ある日の昼下がり、王城内にある庭園に、数名の女性の姿があった。


それは一昨日、七鈴菜が突然「女子会をしよう!」と言い出したのが事の発端である。


人数が少しばかり多かった為、ピクニック気分でシートを引き、目の前には美味しそうなお弁当やお菓子、紅茶などがセッティングされている。


ここに集まったのは、七鈴菜とアリアと一二三、それから…………。


「こんな女子会とやらに、私みたいなおばさんが参加しても良かったの?」

「そうですよね~?少しばかり肩身が狭いわ」


そう言ったのはーーティアナ・ウィル・サリファムーー。

サリファム国王アレク王の第二夫人である。


彼女は元魔導士兵団所属であり、【氷麗の戦乙女】と畏れられる程〈氷属性〉を得意とする。


王都の模擬戦で、ティアナの戦いぶりに感動したアレク王が、猛烈なアプローチの末に、やっと手に入れたのだと言う噂まである。


そしてもう一人がーーアンナ・ウィル・サリファムーー。

同じくサリファム国王アレク王の第三夫人である。


彼女は、ある旅芸人の一座の看板娘であり、天才【踊り子】と謳われていた。


王城の式典で、彼女の踊りに一目惚れをしたアレク王が、ティアナ同様に猛烈アプローチをかけてアレク王の夫人となった。

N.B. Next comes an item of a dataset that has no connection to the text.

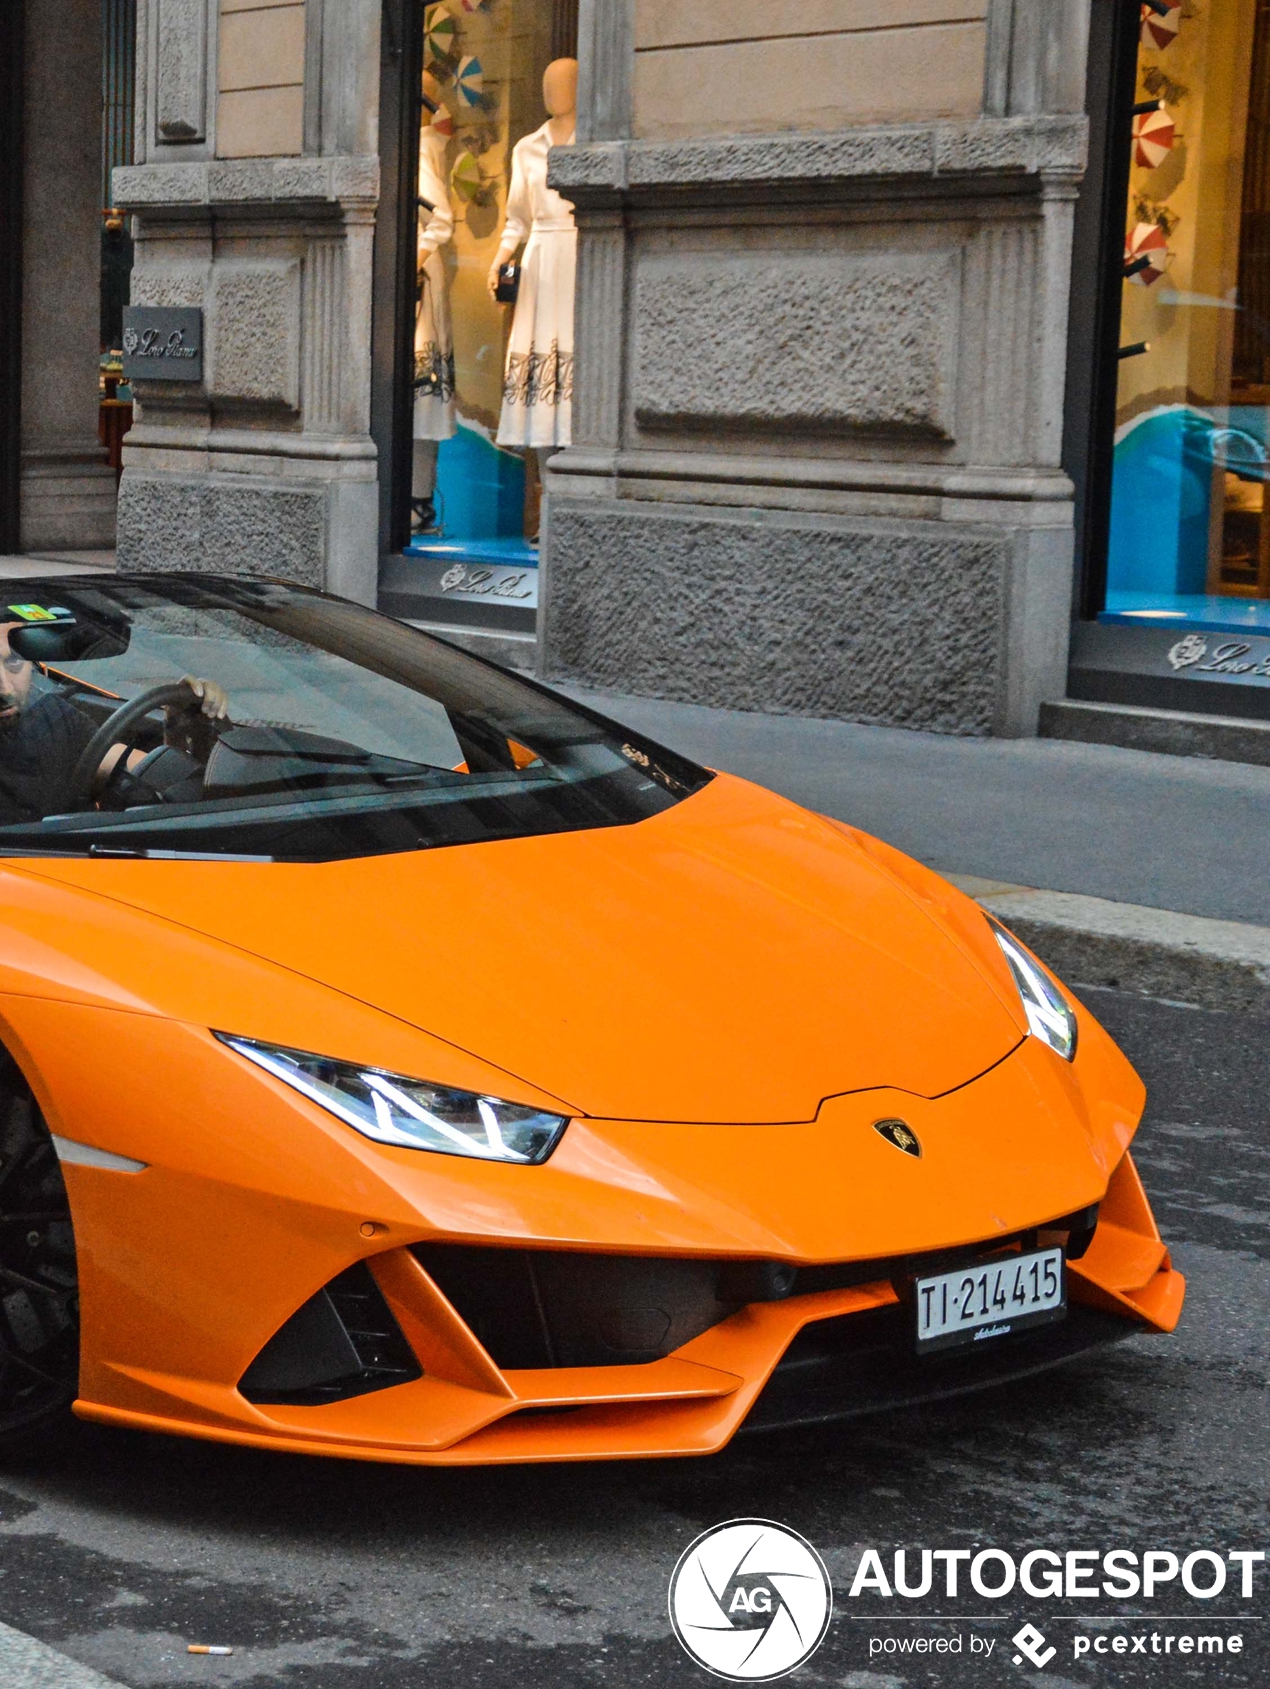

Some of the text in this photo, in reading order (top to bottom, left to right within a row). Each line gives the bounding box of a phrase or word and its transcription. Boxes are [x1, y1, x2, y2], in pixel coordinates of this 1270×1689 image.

[136, 328, 197, 357] Loro Piana
[1193, 642, 1257, 675] Loro

「そんな事ないですよ!お二人のお話はいつも勉強になりますから!!」


そんな二人に、アリアが勢い良く否定する。


「そうですよ。お二人はまだいいです。私も女子会なんて誘われたの初めてで……何を話せば良いのやら……」

「んー?女子会と言えば、やっぱ【恋バナ】じゃないかなー?」


世莉香自身も、自分が何故女子会に呼ばれたのか分からず戸惑っていた。

彼女は少々男勝りな部分があり、女子達には絶大な人気はあるが、女子会などに呼ばれた事など今迄無かったのだ。


その世莉香は、先日善文と良い雰囲気を出していた。


そんな世莉香の言葉に即座に答えたのはーー野田 愛華ーー。


世莉香の幼馴染みであり親友であり、世莉香に異常なまでの執着を持っている。

とは言っても、別段そっち系の趣味があるわけではないので安心してほしい。


ここに集まったのは、皆が刹那の事情を知っている女性ばかりであった。


世莉香は、善文が刹那の了解を得たが、愛華に至っては、世莉香の強い希望により事情を説明していた。


「こっ?!」

「そう!その通りです!!」


愛華の【恋バナ】と言う単語に、世莉香は真っ赤な顔になって反論しようとしたが、七鈴菜の強い口調により遮られてしまった。


「恋バナ?とは何ですか?」


アリアが小首を傾げる。


「恋バナとは、恋の話!!略して【恋バナ】」


七鈴菜は、アリアの質問に拳を握りしめて熱く語る。


「あら?そうなの?それじゃ、私達でも役に立てるかもしれないね」

「そうね~。仮にも人生の先輩として、幾つか助言は出来るかもしれませんね」


夫人二人は乗り気である。


だが、ここには約一名困惑している者がいた。


「こ、恋バナって……そんなの私には似合わないだろ…………?」

「えー?何で?」

「な、何でって……」

「だってせりちゃん倉本くんのこと「わーーーーーーー!!」」


世莉香は慌てて愛華の口を塞ぐ。

顔は先程よりも真っ赤になっていた。


そんな世莉香を、暖かい目で見守る女性達。

皆は世莉香の気持ちは勿論気付いている。


と言うか分かり過ぎである。


「うぅぅ……」


世莉香はそんな視線に耐えれず、両手で顔を覆う。


「そ、そんなに恥ずかしがる事ないと思います!わ、私は素敵な事だと思いますよ!」


一二三が世莉香を励ます。


以前の一二三ならば、世莉香同様……いや、世莉香以上に、自分は場違いだと思い萎縮していただろう。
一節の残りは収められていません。